■ Brief ■
Retype each record below word for word. Leave the pictures out.

(Saved entries)
-- Opening Marker --

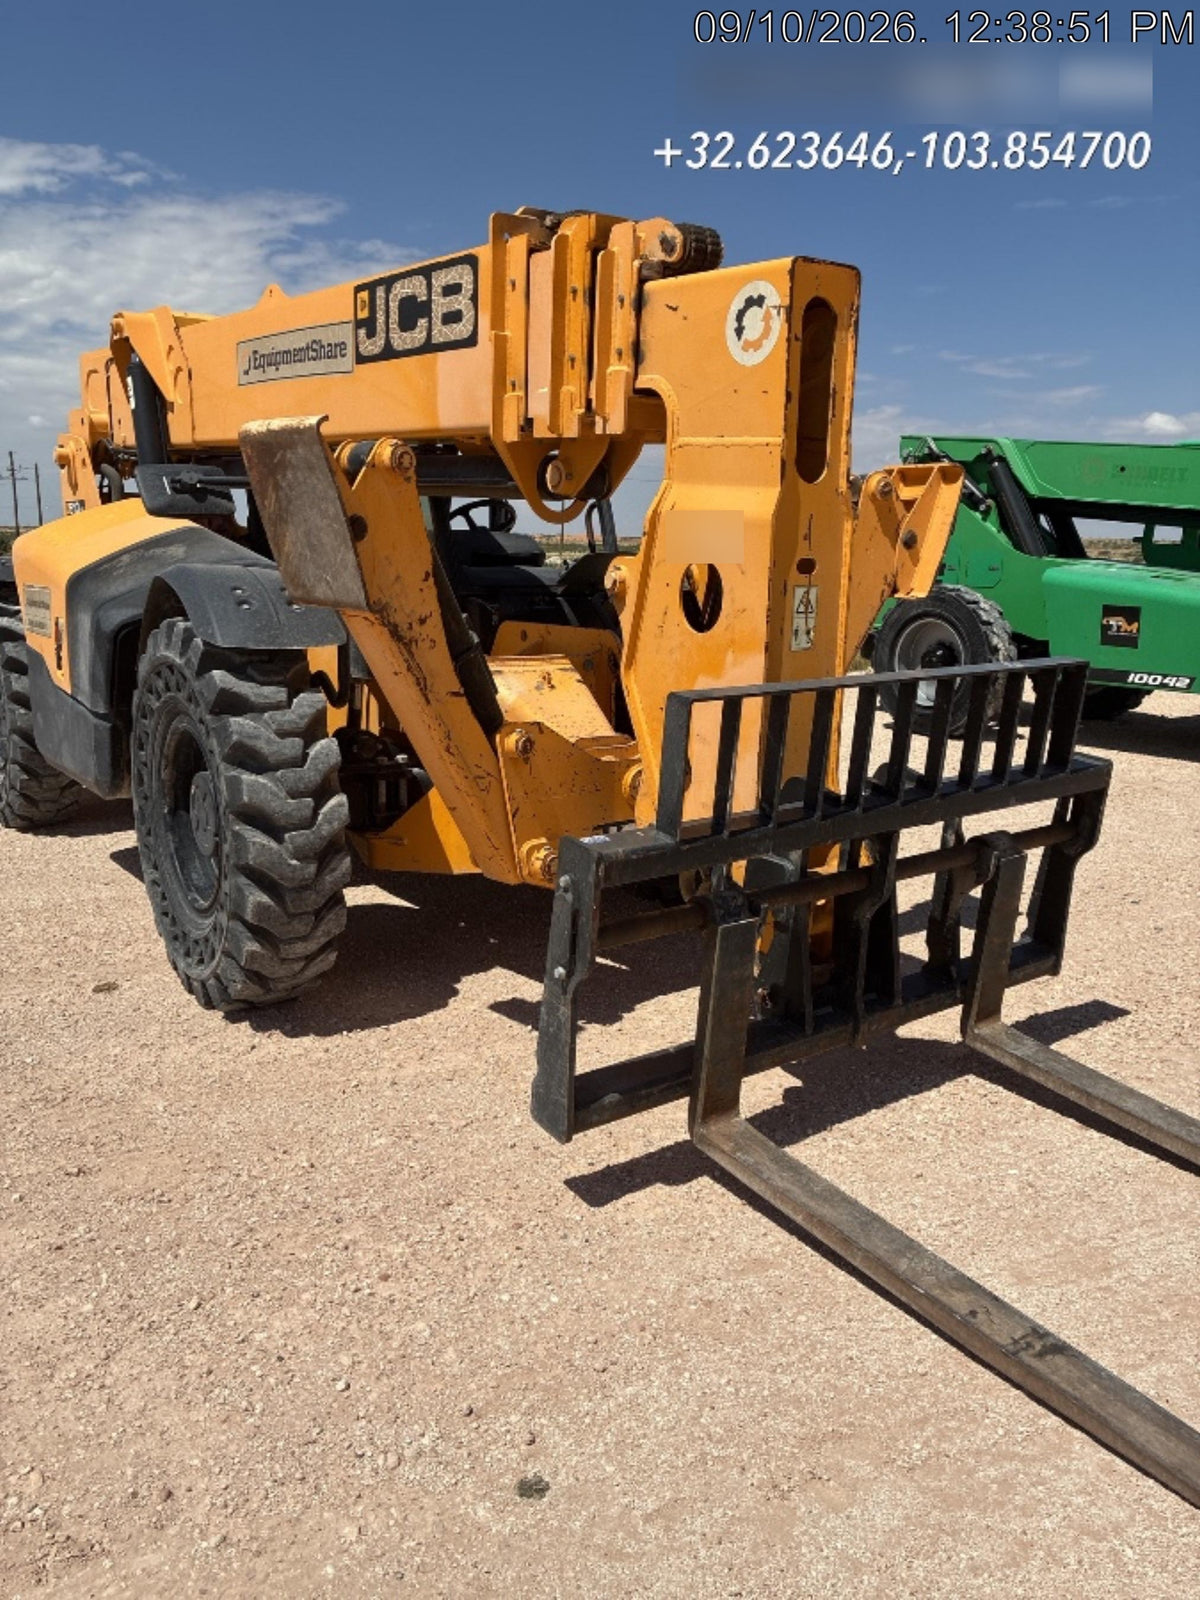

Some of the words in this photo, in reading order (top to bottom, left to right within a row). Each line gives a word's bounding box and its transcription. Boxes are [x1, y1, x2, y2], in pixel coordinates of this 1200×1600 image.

[358, 264, 475, 357] JCB
[252, 339, 348, 374] EquipmentShare
[1127, 673, 1190, 688] 10042
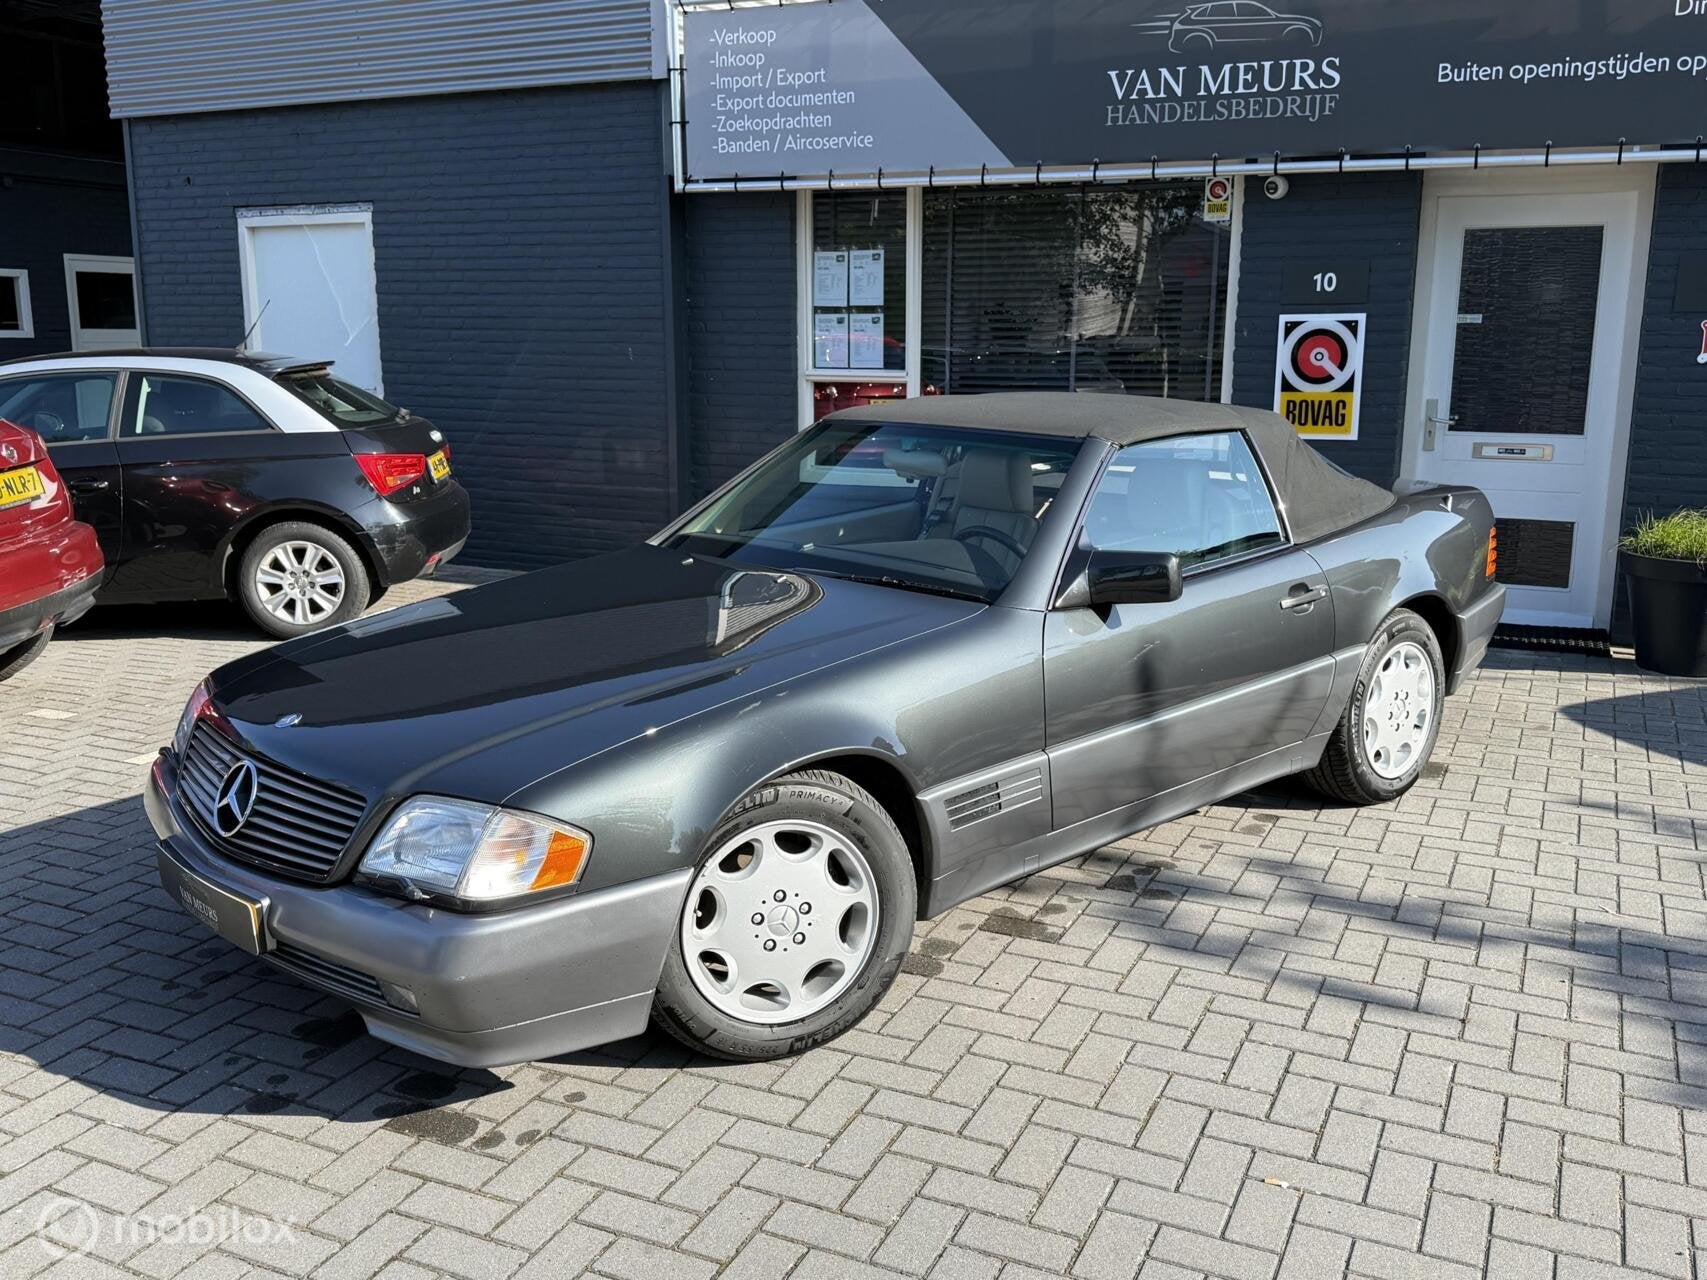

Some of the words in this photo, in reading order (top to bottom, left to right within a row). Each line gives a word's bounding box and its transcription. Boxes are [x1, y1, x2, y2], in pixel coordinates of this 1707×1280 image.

[709, 27, 776, 46] -Verkoop
[710, 50, 765, 69] -Inkoop
[1437, 61, 1503, 83] Buiten
[1509, 52, 1670, 84] openingstijden
[1676, 55, 1707, 76] op
[710, 73, 763, 92] -Import
[765, 68, 773, 88] /
[776, 68, 826, 90] Export
[1107, 66, 1187, 100] VAN
[1197, 57, 1341, 96] MEURS
[711, 93, 764, 114] -Export
[766, 88, 856, 109] documenten
[1104, 94, 1340, 126] HANDELSBEDRIJF
[712, 113, 832, 133] -Zoekopdrachten
[712, 133, 770, 154] -Banden
[773, 134, 781, 153] /
[784, 131, 874, 152] Aircoservice
[1207, 203, 1227, 213] BOVAG
[1313, 272, 1337, 292] 10
[1285, 399, 1347, 427] BOVAG
[789, 790, 838, 805] PRIMACY
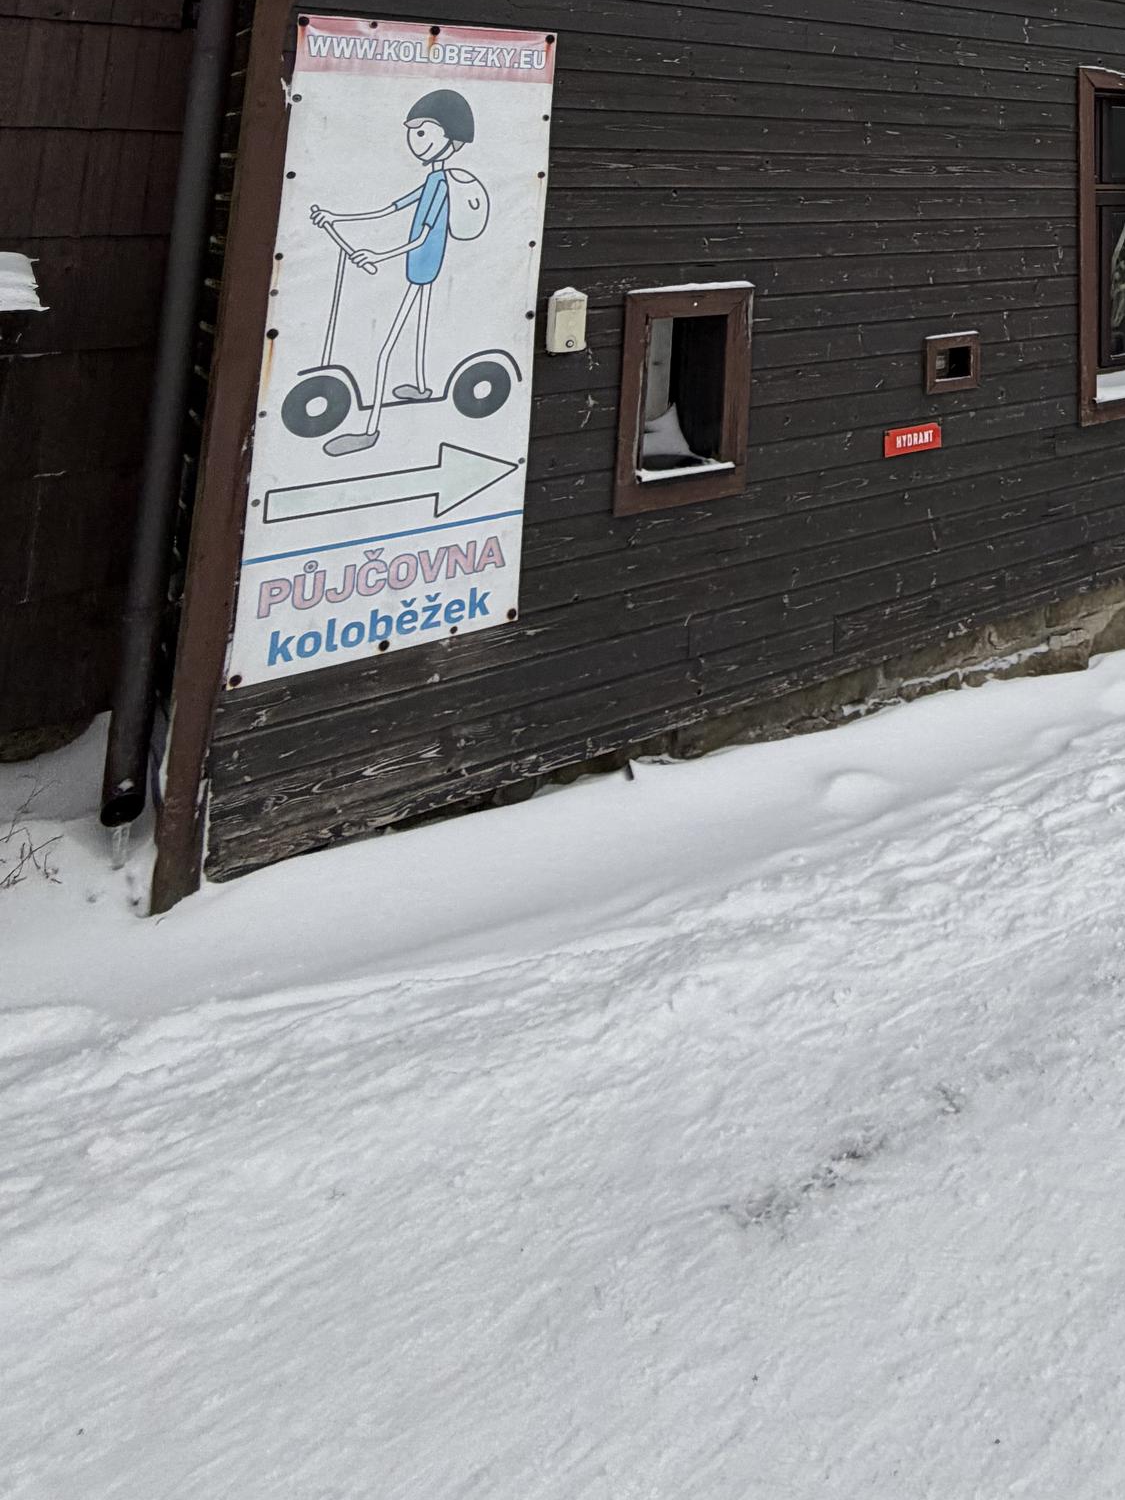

-- Closing Marker --

■ Result ■
Some of the words in this photo, in reading order (top to bottom, left to right within a row). Each line gives a word's bounding box and its transcription. Boxes are [x1, y1, x2, y2], in pixel coordinates of this 1200×1600 image.

[358, 264, 475, 357] JCB
[252, 339, 348, 374] EquipmentShare
[1127, 673, 1190, 688] 10042

Some of the words in this photo, in reading order (top to bottom, left to right within a row). Each line gives a word's bounding box and its transcription. Boxes are [x1, y1, x2, y2], in pixel coordinates of this 1707×1280 image.

[709, 27, 776, 46] -Verkoop
[710, 50, 765, 69] -Inkoop
[1437, 61, 1503, 83] Buiten
[1509, 52, 1670, 84] openingstijden
[1676, 55, 1707, 76] op
[710, 73, 763, 92] -Import
[765, 68, 773, 88] /
[776, 68, 826, 90] Export
[1107, 66, 1187, 100] VAN
[1197, 57, 1341, 96] MEURS
[711, 93, 764, 114] -Export
[766, 88, 856, 109] documenten
[1104, 94, 1340, 126] HANDELSBEDRIJF
[712, 113, 832, 133] -Zoekopdrachten
[712, 133, 770, 154] -Banden
[773, 134, 781, 153] /
[784, 131, 874, 152] Aircoservice
[1207, 203, 1227, 213] BOVAG
[1313, 272, 1337, 292] 10
[1285, 399, 1347, 427] BOVAG
[789, 790, 838, 805] PRIMACY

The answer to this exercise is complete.